Originally, advillin expression was considered to be largely restricted to sensory neurons (Chuang et al. 2018). We were able to show by IHC that advillin was present in sensory neurons of dorsal root ganglia, while villin was not. Advillin mRNA was also detected by us in neurons of the intestinal submucosal and myenteric plexus. This would be in agreement with a recent report stating that advillin is present in all neurons of the autonomic nervous system (Hunter et al. 2018). However, gut-intrinsic neurons never stained positive in our own IHC using anti-advillin antibodies, nor did they display EGFP-immunoreactivity in our analysis of an Avil-Cre:mT/mG double transgenic mouse line. Instead, presumably sensory nerves were prominent around taste buds in vallate papillae, in the muscle layers of the intestine, and in the glandular stomach of Avil-Cre:mT/mG mice. This indicates that Avil-promoter driven Cre expression and activity is not established in gut autonomic plexus neurons in the Avil-Cre mouse line we used. Recent support comes from our targeting of tracheal brush cells, where a conditional elimination of brush cell-derived ACh, but not neuronal ACh, was obtained by crossing the Avil-Cre mouse line with mice that harbor a floxed ChAT allele (Misgeld et al. 2002). Trachea preparations from these mice still retained neural cholinergic signaling, i.e. intact cholinergic constriction evoked by electrical field stimulation. The effect of a formylated bacterial peptide on stimulating particle transport speed, however, was almost fully lost (Perniss et al. 2020).

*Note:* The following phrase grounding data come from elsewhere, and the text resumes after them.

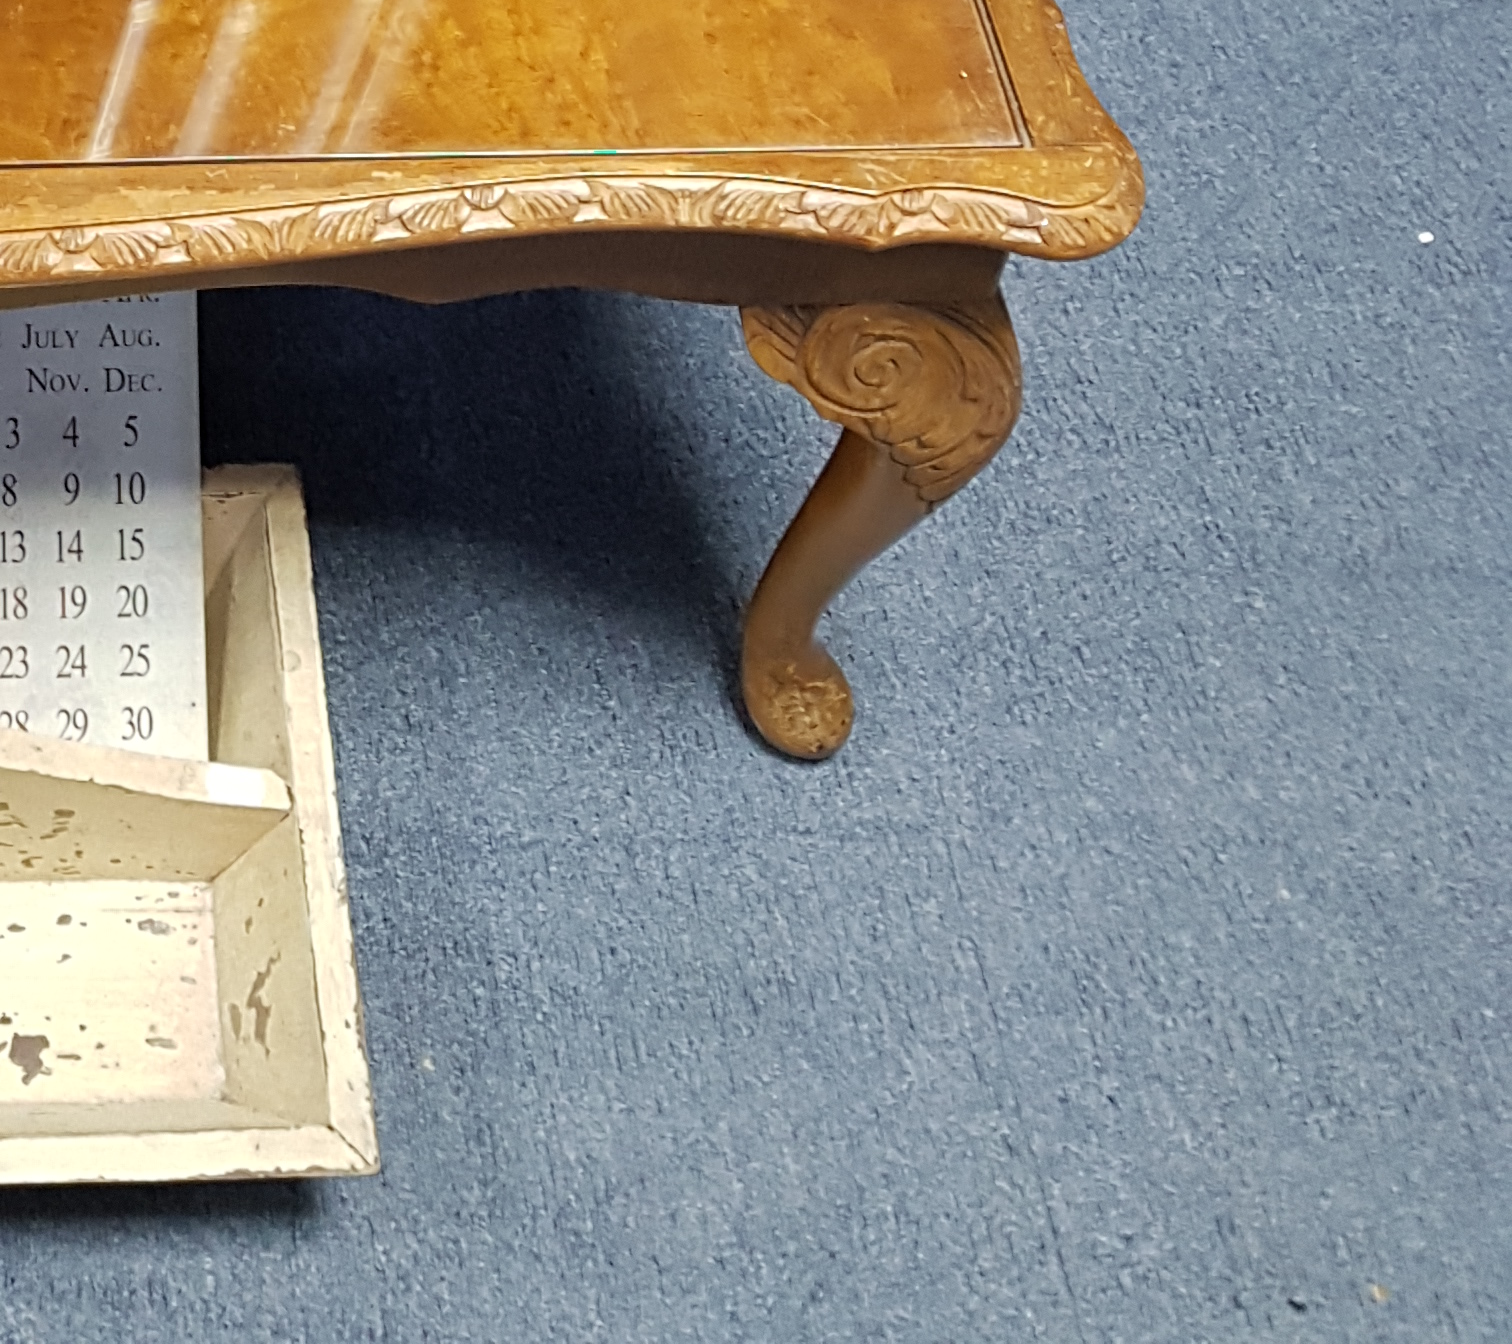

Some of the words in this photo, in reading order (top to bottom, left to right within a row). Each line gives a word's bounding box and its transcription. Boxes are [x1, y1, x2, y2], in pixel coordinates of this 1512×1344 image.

[21, 323, 80, 349] JULY
[98, 323, 160, 348] AUG.
[25, 367, 89, 393] NOV.
[104, 367, 163, 393] DEC.
[5, 417, 20, 450] 3
[62, 415, 80, 448] 4
[123, 415, 138, 447] 5
[1, 473, 18, 507] 8
[63, 472, 80, 503] 9
[114, 471, 146, 505] 10
[0, 529, 26, 563] 13
[56, 529, 84, 563] 14
[118, 528, 144, 561] 15
[1, 587, 28, 620] 18
[59, 585, 87, 619] 19
[117, 584, 149, 618] 20
[0, 645, 29, 679] 23
[56, 644, 87, 679] 24
[120, 643, 150, 677] 25
[56, 708, 89, 743] 29
[121, 706, 154, 742] 30

Tuft cell biology has recently received tremendous attention since the discovery that they may function as chemosensory sentinels that monitor intestinal, respiratory, and urethral infection, and that they initiate adequate protective responses through activation of type 2 immunity (recently reviewed by von Moltke and Pepper 2018). Hence, deciphering the specific roles of individual tuft cell components, i.e. receptors and signaling molecules, in these scenarios is warranted to understand in detail how these cells do their job in a given surrounding and pathophysiological situation. Uncovering the multiple functions tuft cell components play can be achieved by tuft cell-specific manipulation of gene expression. Along this line, multiple transgenic mouse tools have been implemented, that are more or less tuft cell-specific. Currently available mouse lines that express Cre-recombinase in tuft cells are driven by Pou2f3 (McGinty et al. 2020), Trpm5 (Kusumakshi et al. 2015), Dclk1, Vil, Chat, Tas2r131, or Tas2r143 promoters (recently summarized by O'Leary et al. 2018). Our own evaluation of a mouse line that expresses Cre-recombinase under the control of the advillin promotor revealed region-selective efficiency differences in targeting tuft cells. Recombination rates were highest in the gall bladder, and rather low in stomach, small and large intestine. Hence, the applicability of the Avil-Cre mouse line to genetically target tuft cells must be critically reflected before time-consuming experiments are planned and performed. At least biliary tuft cells, and the related tracheal brush cell (see above) resemble valuable and promising targets. Nevertheless, we now propose that Avil-Cre mice can be added to this armory and may serve as a versatile tool to genetically target primarily biliary tuft cells in the mouse alimentary tract. The availability of an inducible variant of Avil-Cre, i.e. the Avil-CreERT mouse line (Hunter et al. 2018; Lau et al. 2011), would even allow genetic manipulation of tuft cell components on demand.